▶ _WHAT IS REQUIRED_: The answer is the data repeated in full, with no pictures included.

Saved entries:
■ ■ ■ ■ ■ ■ ■

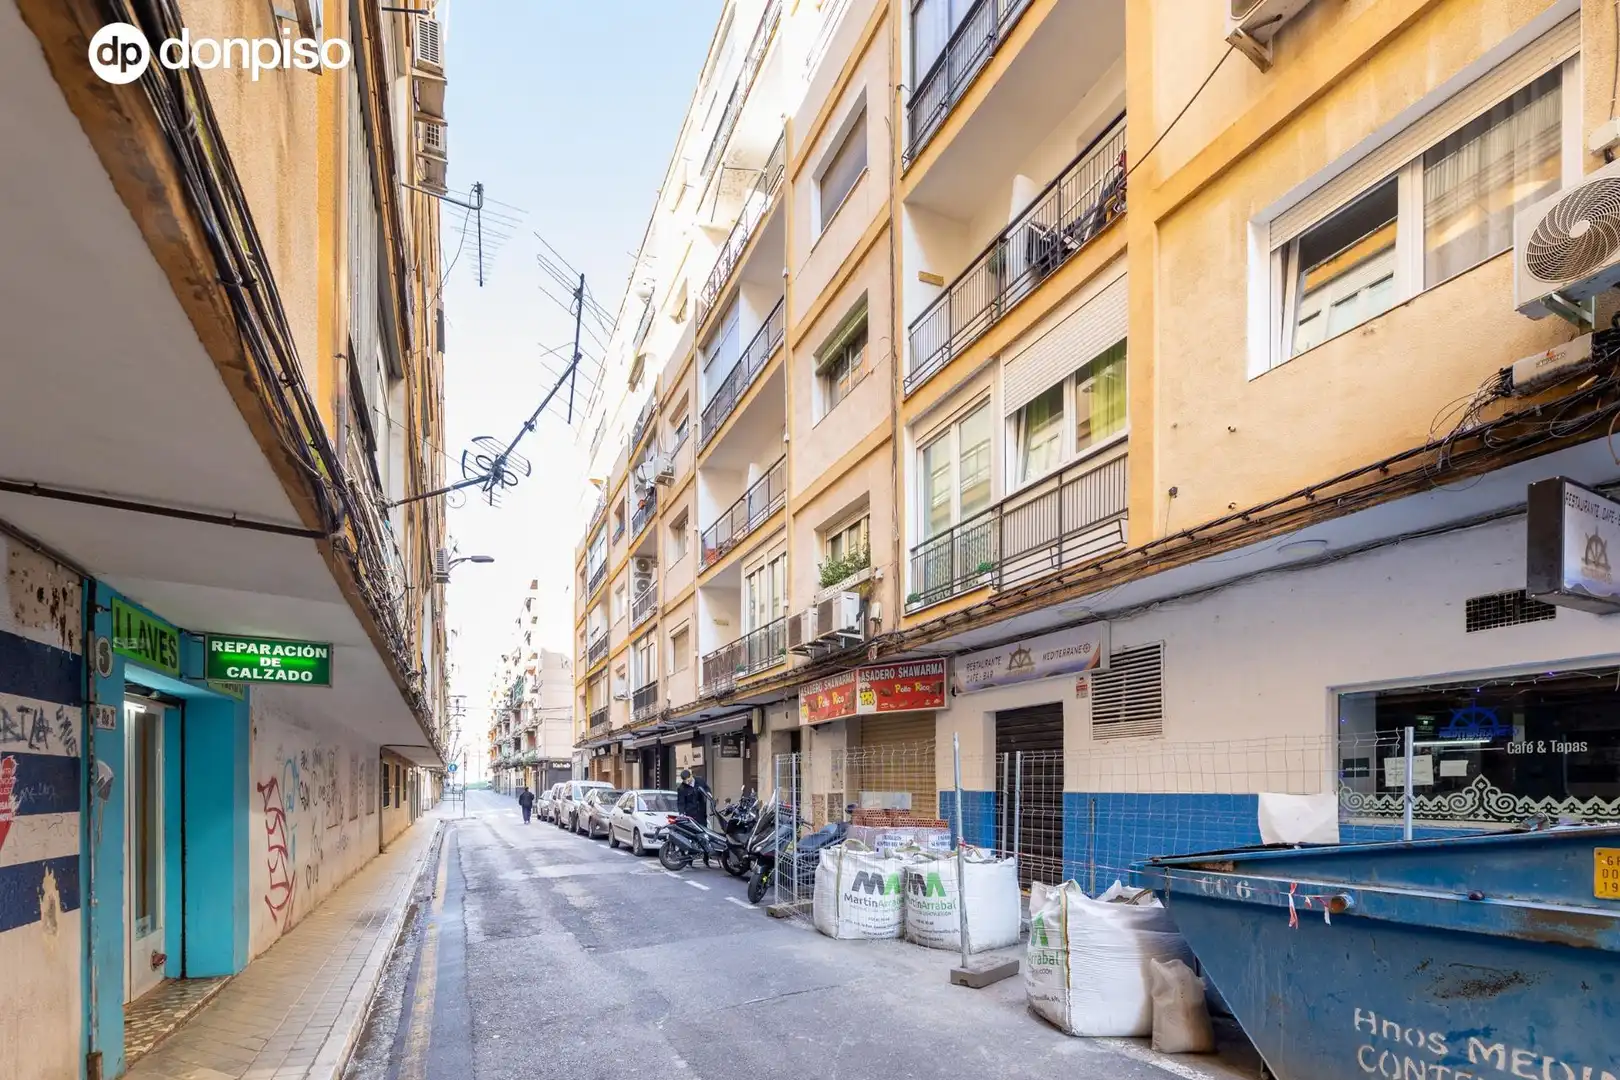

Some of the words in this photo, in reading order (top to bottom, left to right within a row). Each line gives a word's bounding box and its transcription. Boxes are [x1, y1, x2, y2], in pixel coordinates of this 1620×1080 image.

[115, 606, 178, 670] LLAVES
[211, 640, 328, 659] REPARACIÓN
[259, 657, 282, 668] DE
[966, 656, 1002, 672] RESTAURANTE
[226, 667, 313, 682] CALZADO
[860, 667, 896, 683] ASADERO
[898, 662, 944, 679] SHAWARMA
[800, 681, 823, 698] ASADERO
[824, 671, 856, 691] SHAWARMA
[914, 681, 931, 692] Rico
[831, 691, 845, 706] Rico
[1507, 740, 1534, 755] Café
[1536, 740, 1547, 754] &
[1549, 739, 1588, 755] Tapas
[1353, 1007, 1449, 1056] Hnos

■ ■ ■ ■ ■ ■ ■

▶ _EXERCISE RESPONSE_:
Some of the words in this photo, in reading order (top to bottom, left to right within a row). Each line gives a word's bounding box and its transcription. Boxes are [x1, y1, x2, y2], in pixel coordinates of this 1620×1080 image.

[115, 606, 178, 670] LLAVES
[211, 640, 328, 659] REPARACIÓN
[259, 657, 282, 668] DE
[966, 656, 1002, 672] RESTAURANTE
[226, 667, 313, 682] CALZADO
[860, 667, 896, 683] ASADERO
[898, 662, 944, 679] SHAWARMA
[800, 681, 823, 698] ASADERO
[824, 671, 856, 691] SHAWARMA
[914, 681, 931, 692] Rico
[831, 691, 845, 706] Rico
[1507, 740, 1534, 755] Café
[1536, 740, 1547, 754] &
[1549, 739, 1588, 755] Tapas
[1353, 1007, 1449, 1056] Hnos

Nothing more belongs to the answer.